Bug? Small samples in TABLESAMPLE SYSTEM returns zero rows

From: Josh Berkus <josh(at)agliodbs(dot)com>
To: pgsql-hackers(at)postgresql(dot)org
Subject: Bug? Small samples in TABLESAMPLE SYSTEM returns zero rows
Date: 2015-08-06 19:14:42
Message-ID: 55C3B222.1060301@agliodbs.com
Views: Raw Message | Whole Thread | Download mbox | Resend email
Thread:
Lists: pgsql-hackers

Version: 9.5alpha2

Issue: when requesting small samples, SYSTEM often returns zero rows,
and sometimes returns unexpected numbers of rows.

Example:

create table thous ( id int, val text );
insert into thous select i, i::text || '-val' from
generate_series(1,100000) as gs(i);
analyze;

This is a 100,000 row table, so a 0.01% sample should be 10 rows.
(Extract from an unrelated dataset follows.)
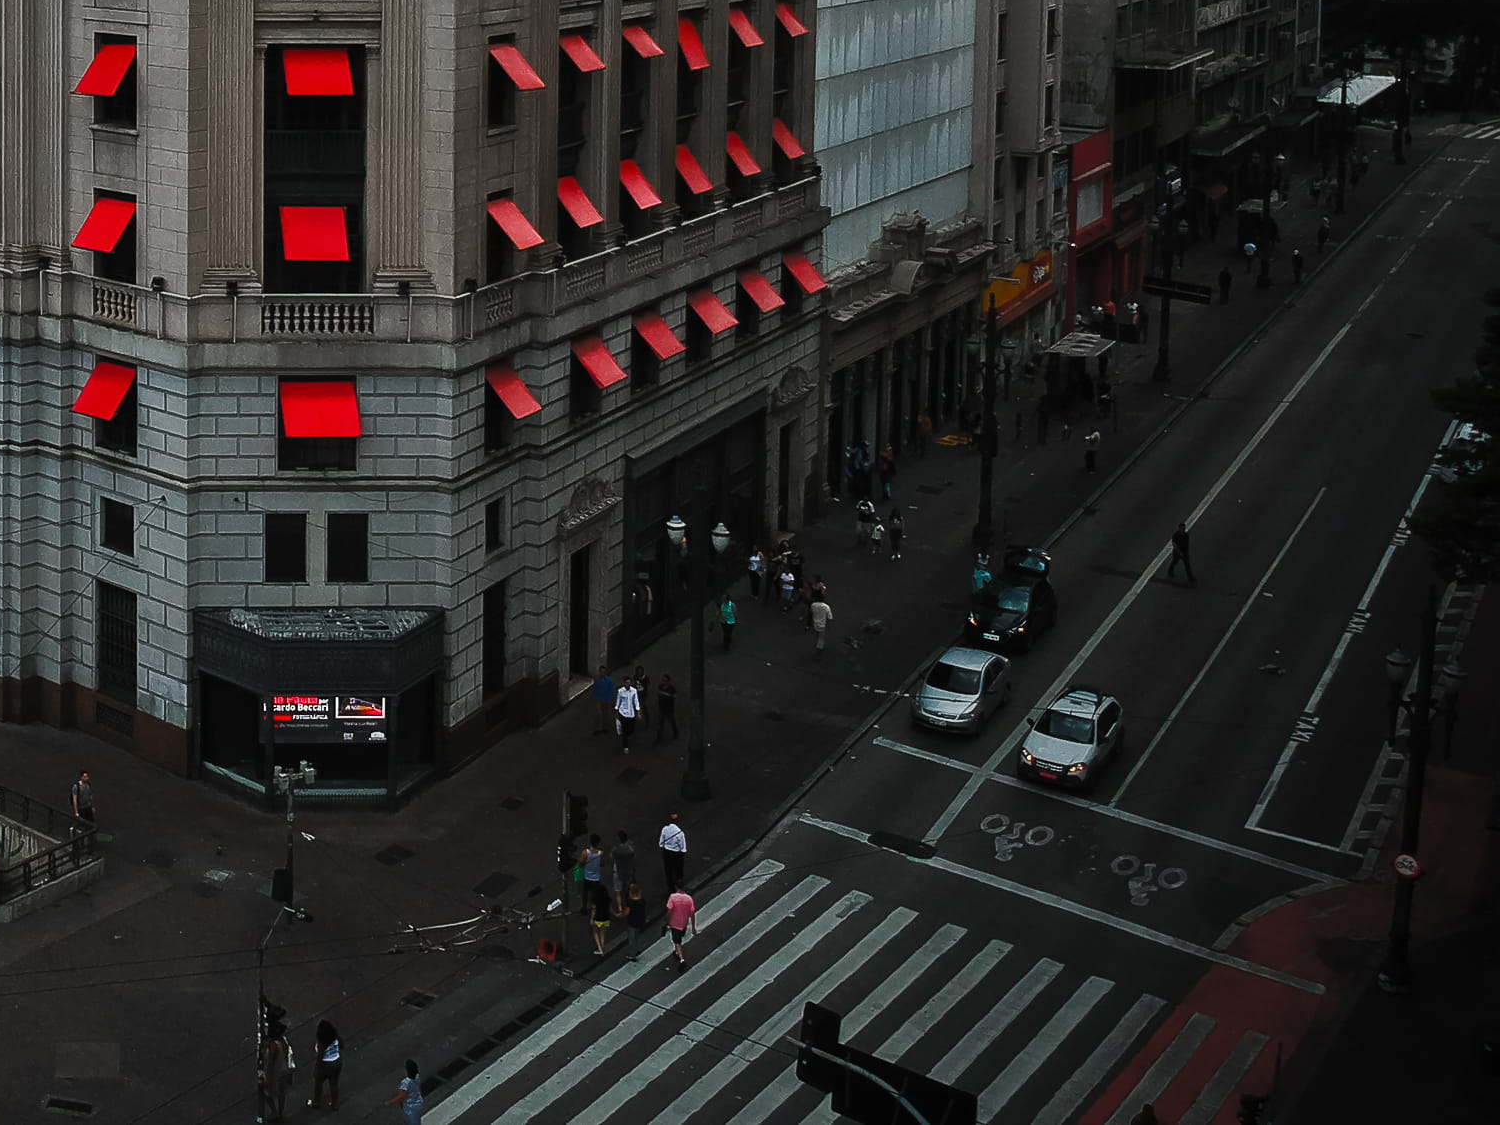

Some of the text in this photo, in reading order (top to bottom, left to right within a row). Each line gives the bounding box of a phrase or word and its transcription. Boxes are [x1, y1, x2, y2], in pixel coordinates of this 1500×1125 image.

[1345, 611, 1372, 634] TAXI
[297, 703, 329, 712] Beccari
[1290, 715, 1321, 743] TAXI
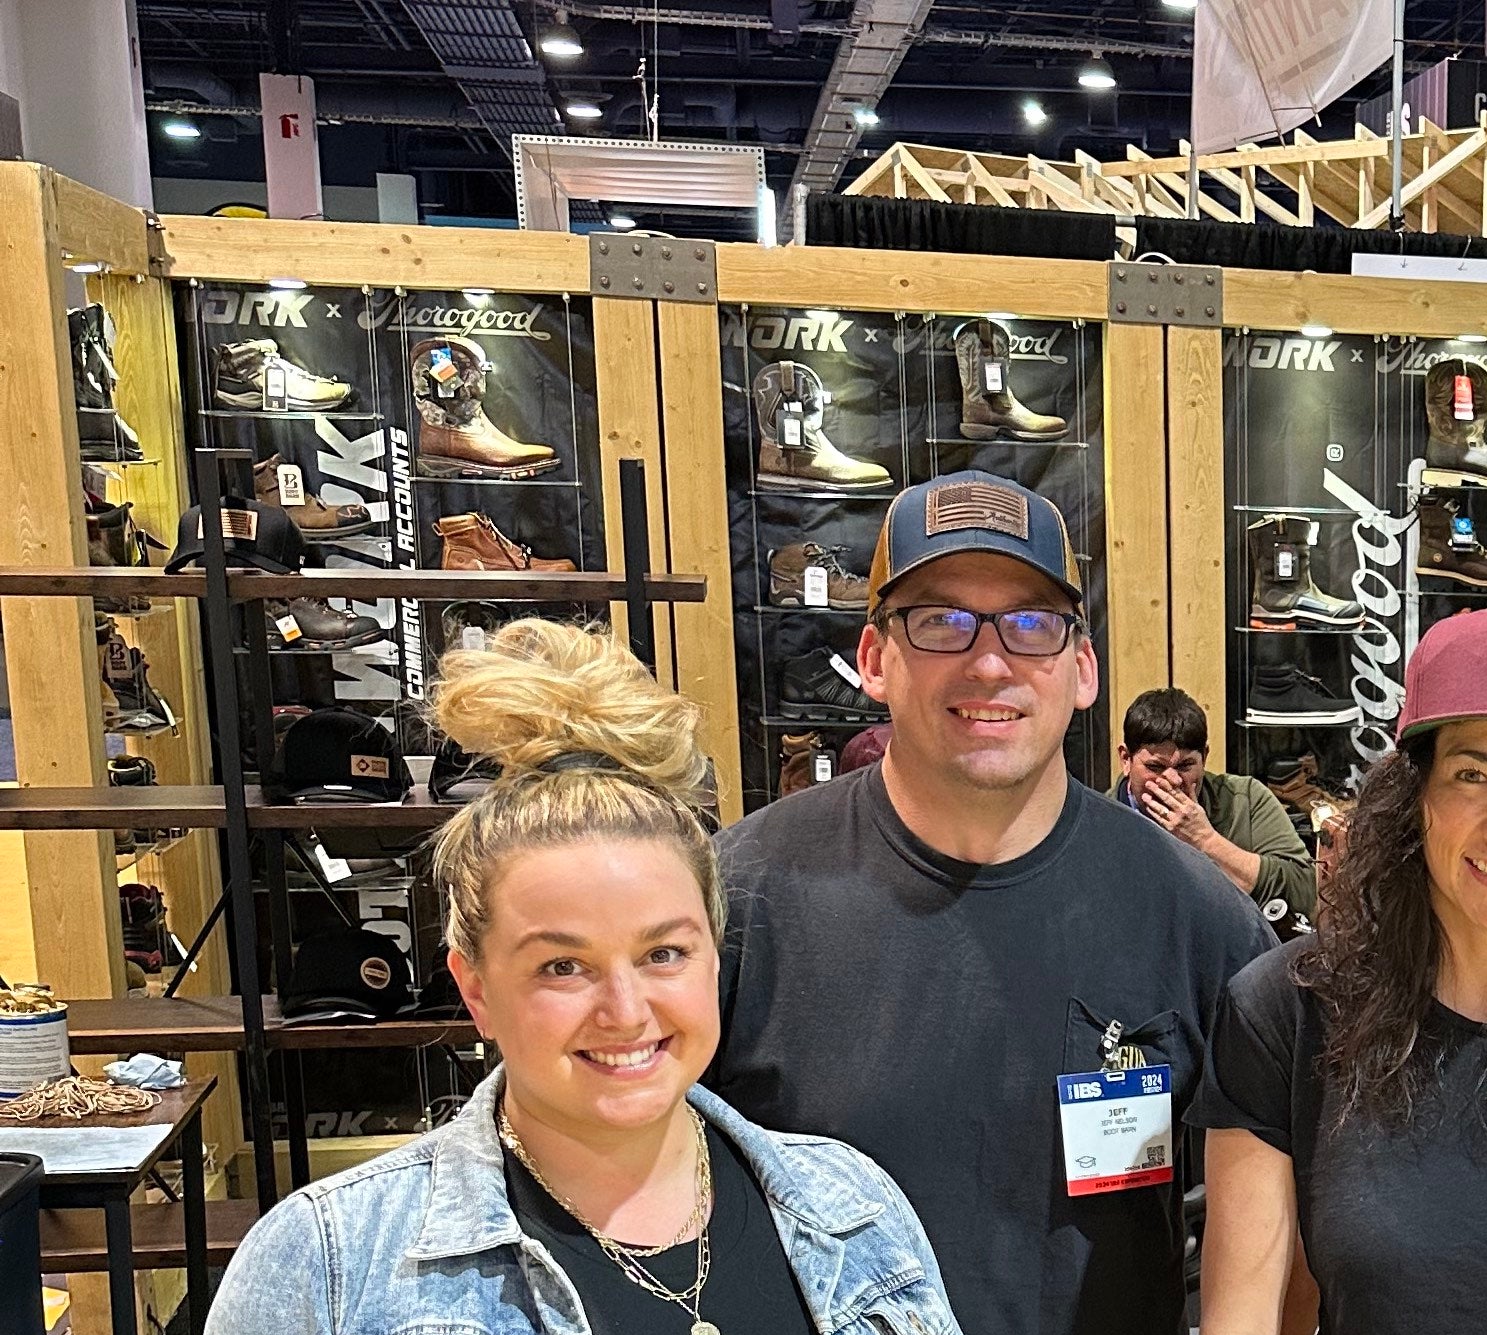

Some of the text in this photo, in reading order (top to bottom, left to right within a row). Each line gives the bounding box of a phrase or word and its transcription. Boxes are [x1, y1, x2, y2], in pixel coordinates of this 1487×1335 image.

Since
10 rows is far less than what's on one data page, the documentation
suggests that I should get 1 data page worth of rows. However:

postgres=# select * from thous tablesample system ( 0.01 );
id | val
----+-----
(0 rows)

Time: 0.636 ms

... this query consistently returns 0 rows, in 20 runs.

Ok,let's try a million-row table, which is the example we have in the docs.

postgres=# select * from mil tablesample system ( 0.01 );
id | val
----+-----
(0 rows)

Hmmm?

On testing, the query against the million-row table returns 0 rows
around 50% of the time.

This table has around 185 rows per page. As the sample size goes up,
the number times I get zero rows goes down, but those results seem to
still include data pages with zero rows. For example, here's a series
of results from a 0.04 sample against the million-row table.

370
370
370
555
555
185
0
925

Since this is a synthetic table I just generated, it contains almost
exactly 185 rows per data page for every data page. So on a 0.04%
sample, the variation between 370 rows and 555 rows (whether we have 2
or 3 data pages) is expected, since 0.04% of 5406 data pages is 2.16 pages.

The results of 0, 185 and 925 are not. It really seems like SYSTEM is
treating 0.04% as a maximum, but taking a random number of data pages
somewhere around that maximum, using math which can choose numbers of
pages far outside of the % requested by the user, and which includes 0.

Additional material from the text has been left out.